§ YOUR TASK
A precise copy of the data is required, with every picture left out.

§ EXTRACTED DATA
※ ※ ※

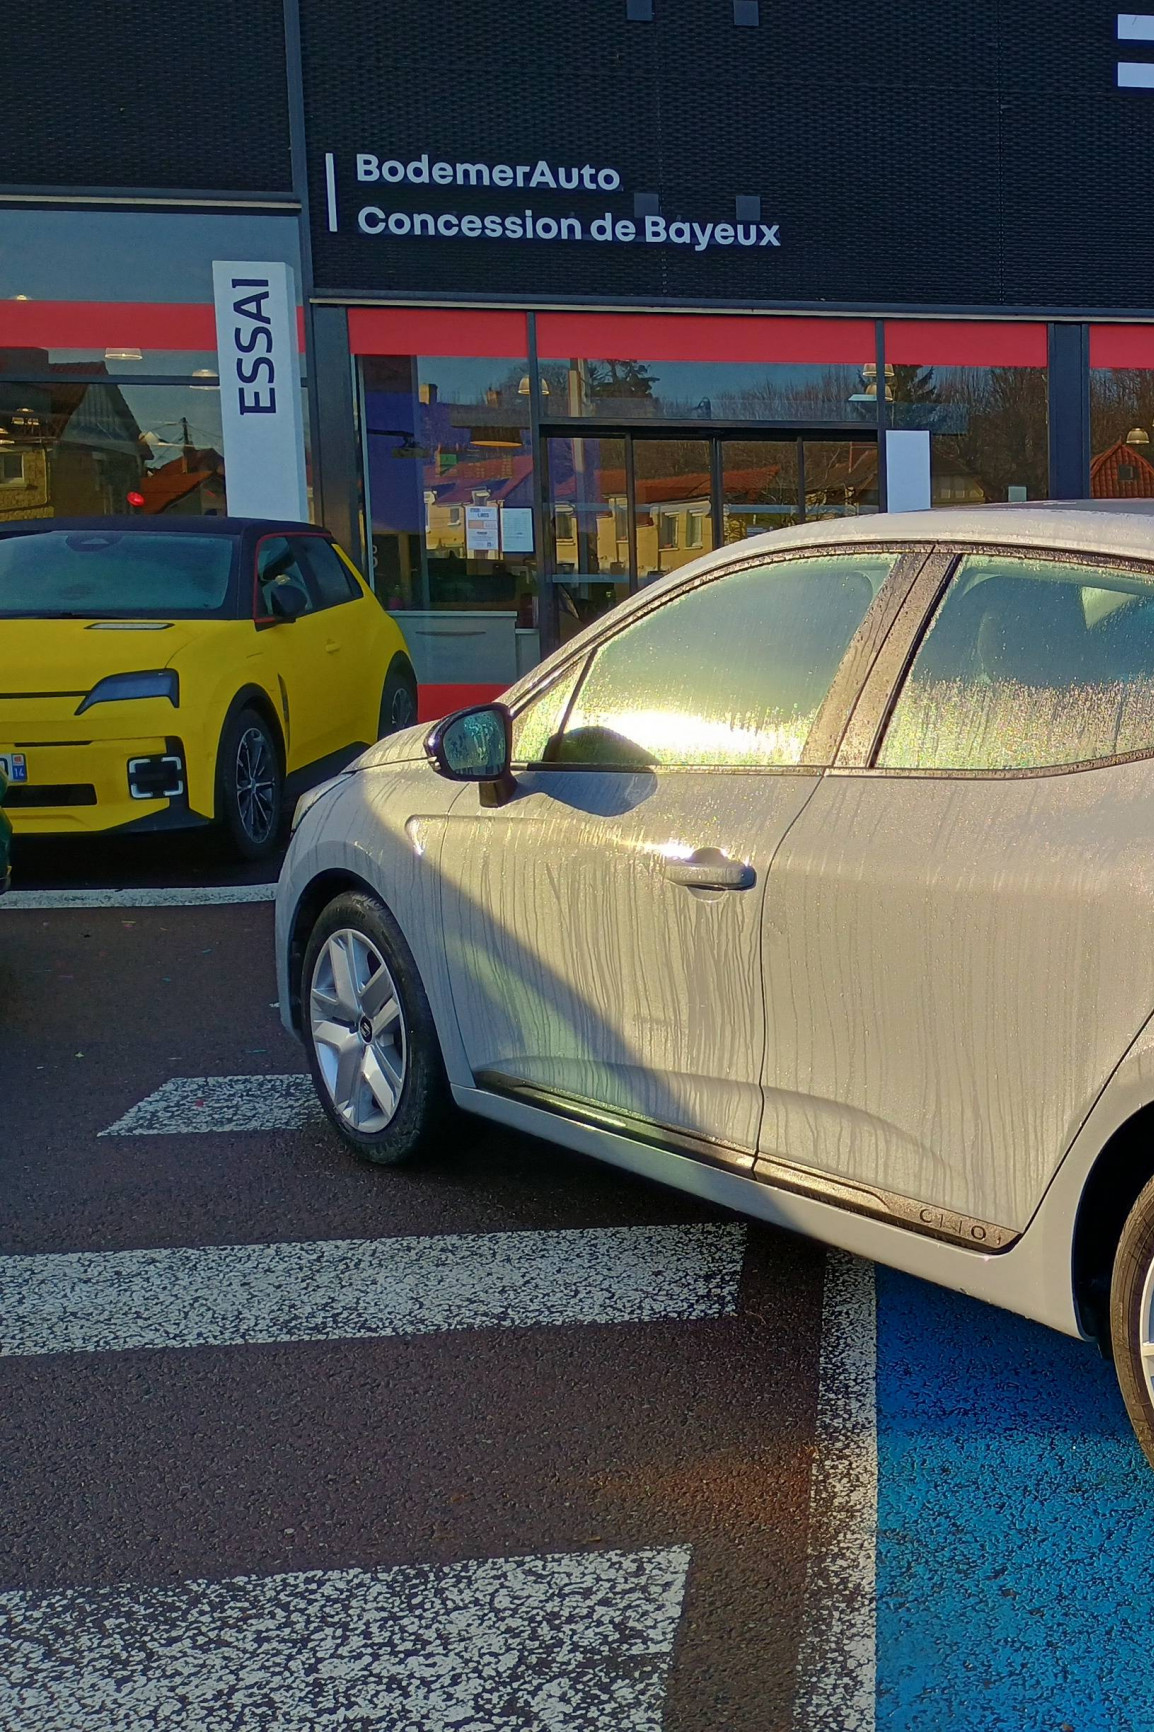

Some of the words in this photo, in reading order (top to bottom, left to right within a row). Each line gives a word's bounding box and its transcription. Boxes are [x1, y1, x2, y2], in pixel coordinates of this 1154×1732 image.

[356, 153, 620, 191] BodemerAuto
[357, 206, 581, 240] Concession
[589, 212, 636, 242] de
[644, 215, 781, 252] Bayeux
[231, 278, 277, 416] ESSAI
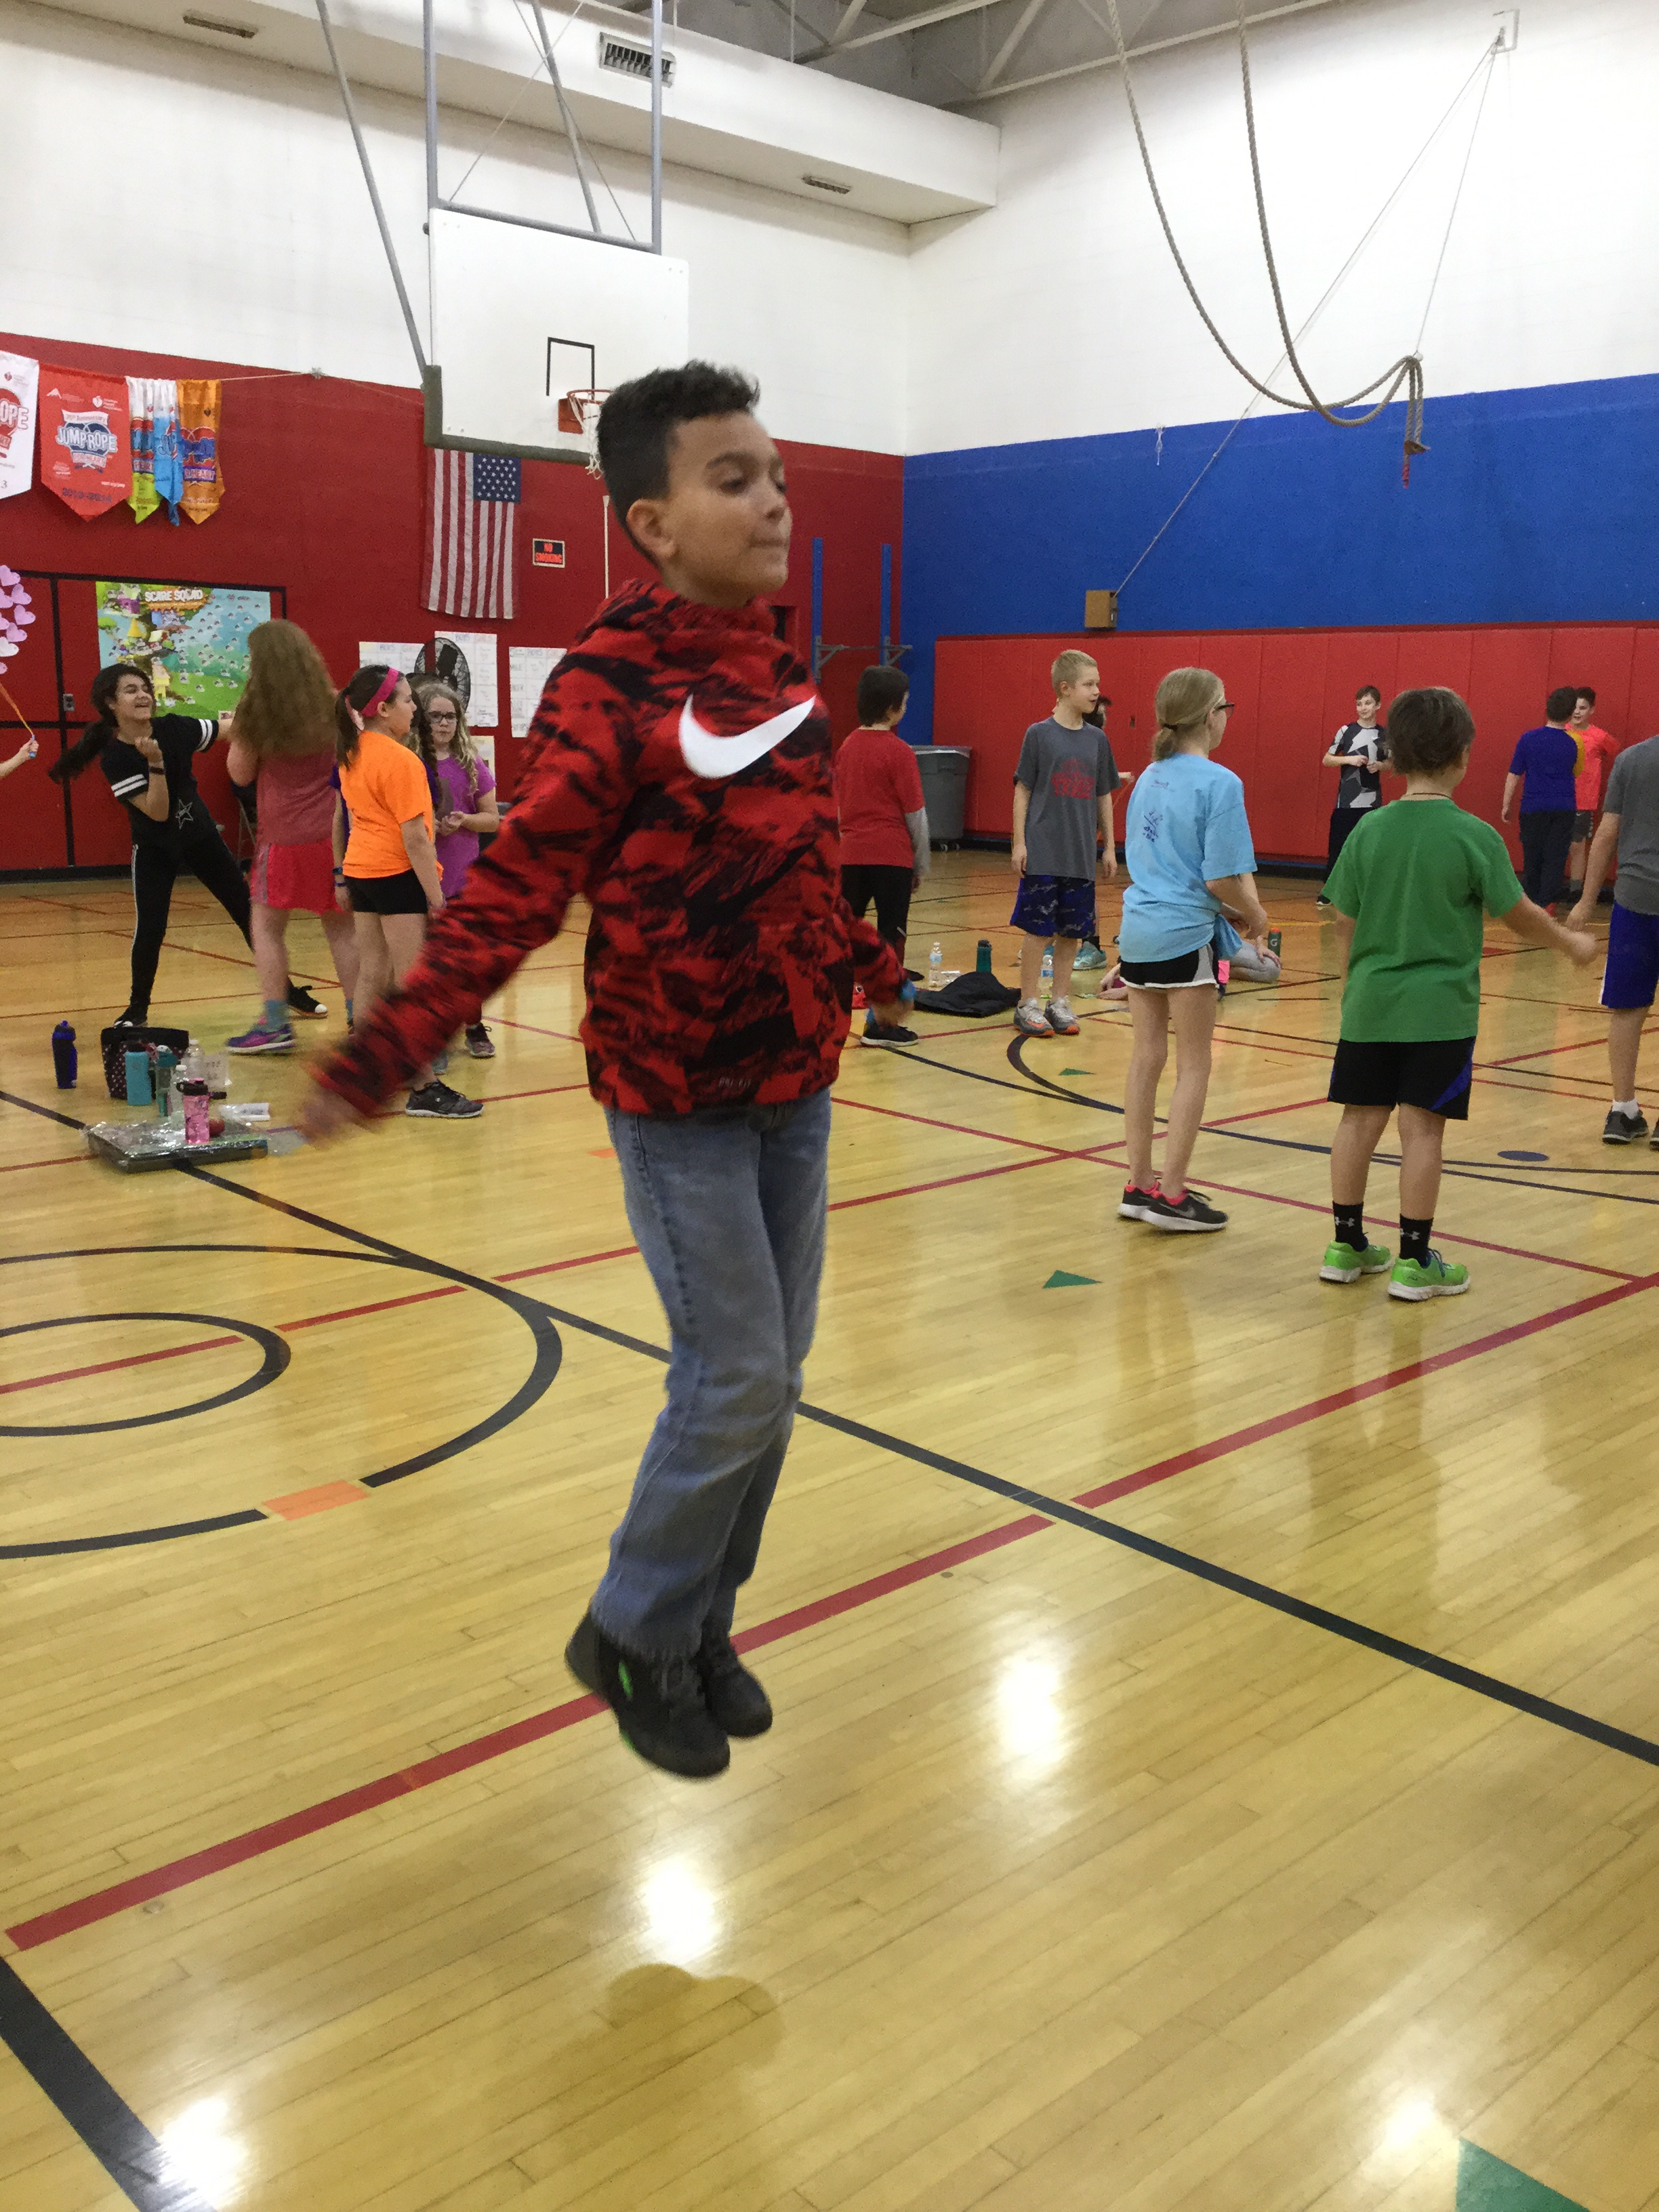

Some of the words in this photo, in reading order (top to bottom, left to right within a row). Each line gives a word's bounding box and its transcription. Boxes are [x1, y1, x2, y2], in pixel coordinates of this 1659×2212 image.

※ ※ ※

§ EXERCISE SOLUTION
Some of the words in this photo, in reading order (top to bottom, left to right within a row). Each line gives a word's bounding box and its transcription. Boxes are [x1, y1, x2, y2], in pixel coordinates of this 1154×1732 image.

[356, 153, 620, 191] BodemerAuto
[357, 206, 581, 240] Concession
[589, 212, 636, 242] de
[644, 215, 781, 252] Bayeux
[231, 278, 277, 416] ESSAI

Some of the words in this photo, in reading order (top to bottom, left to right within a row). Each line gives a word's bounding box and its transcription. Boxes are [x1, y1, x2, y2], in pixel coordinates of this 1659×2212 image.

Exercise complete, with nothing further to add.